→ **WHAT THE EXERCISE ASKS**:
The response should consist of the data below, copied exactly, with no pictures in it.

→ **SUPPLIED RECORDS**:
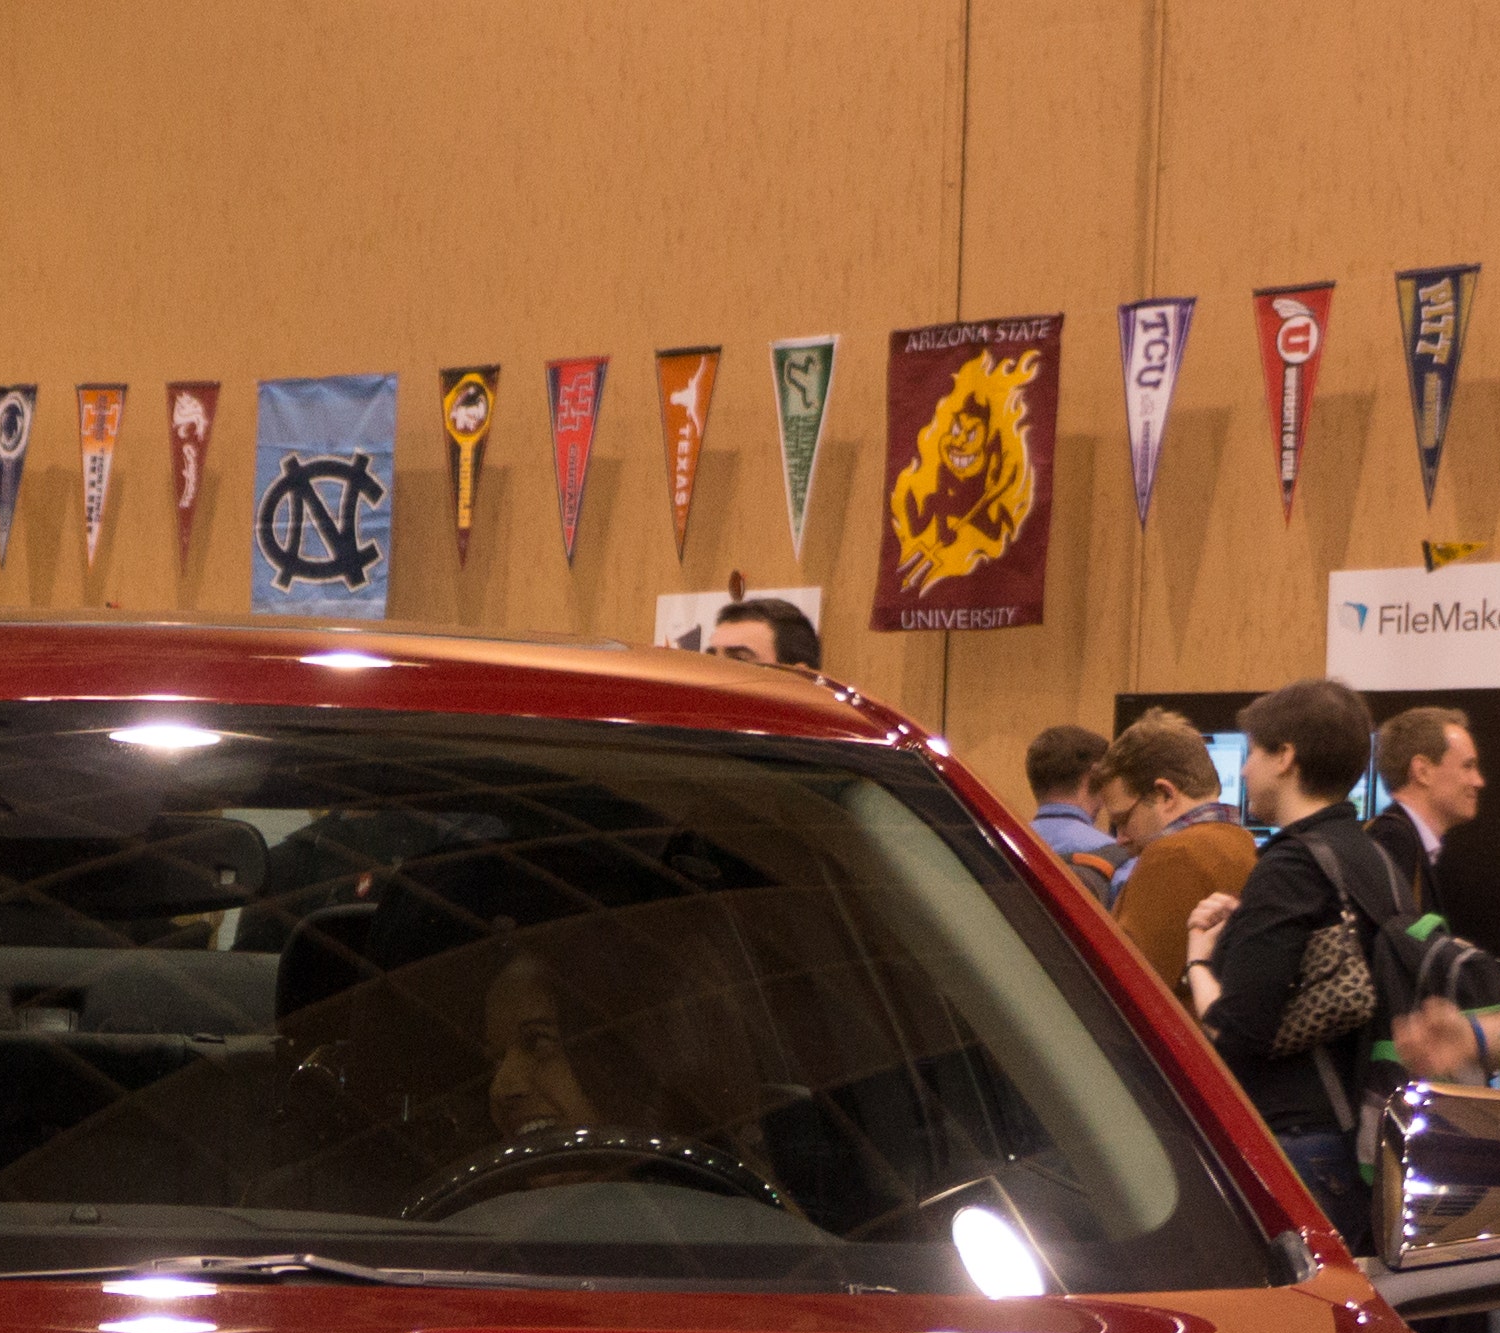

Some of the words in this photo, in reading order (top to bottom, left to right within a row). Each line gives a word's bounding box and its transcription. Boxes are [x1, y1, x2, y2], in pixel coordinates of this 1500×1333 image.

[904, 323, 989, 353] ARIZONA
[995, 317, 1052, 345] STATE
[1135, 311, 1172, 391] TCU
[1415, 277, 1454, 365] PITT
[1282, 366, 1298, 432] UNIVERSITY
[675, 423, 692, 506] TEXAS
[1280, 449, 1296, 481] UTAH
[1281, 434, 1296, 447] OF
[566, 443, 580, 527] COUGARS
[900, 607, 1017, 631] UNIVERSITY

→ **RESULT OF THE EXERCISE**:
Some of the words in this photo, in reading order (top to bottom, left to right within a row). Each line gives a word's bounding box and its transcription. Boxes are [x1, y1, x2, y2], in pixel coordinates of this 1500×1333 image.

[904, 323, 989, 353] ARIZONA
[995, 317, 1052, 345] STATE
[1135, 311, 1172, 391] TCU
[1415, 277, 1454, 365] PITT
[1282, 366, 1298, 432] UNIVERSITY
[675, 423, 692, 506] TEXAS
[1280, 449, 1296, 481] UTAH
[1281, 434, 1296, 447] OF
[566, 443, 580, 527] COUGARS
[900, 607, 1017, 631] UNIVERSITY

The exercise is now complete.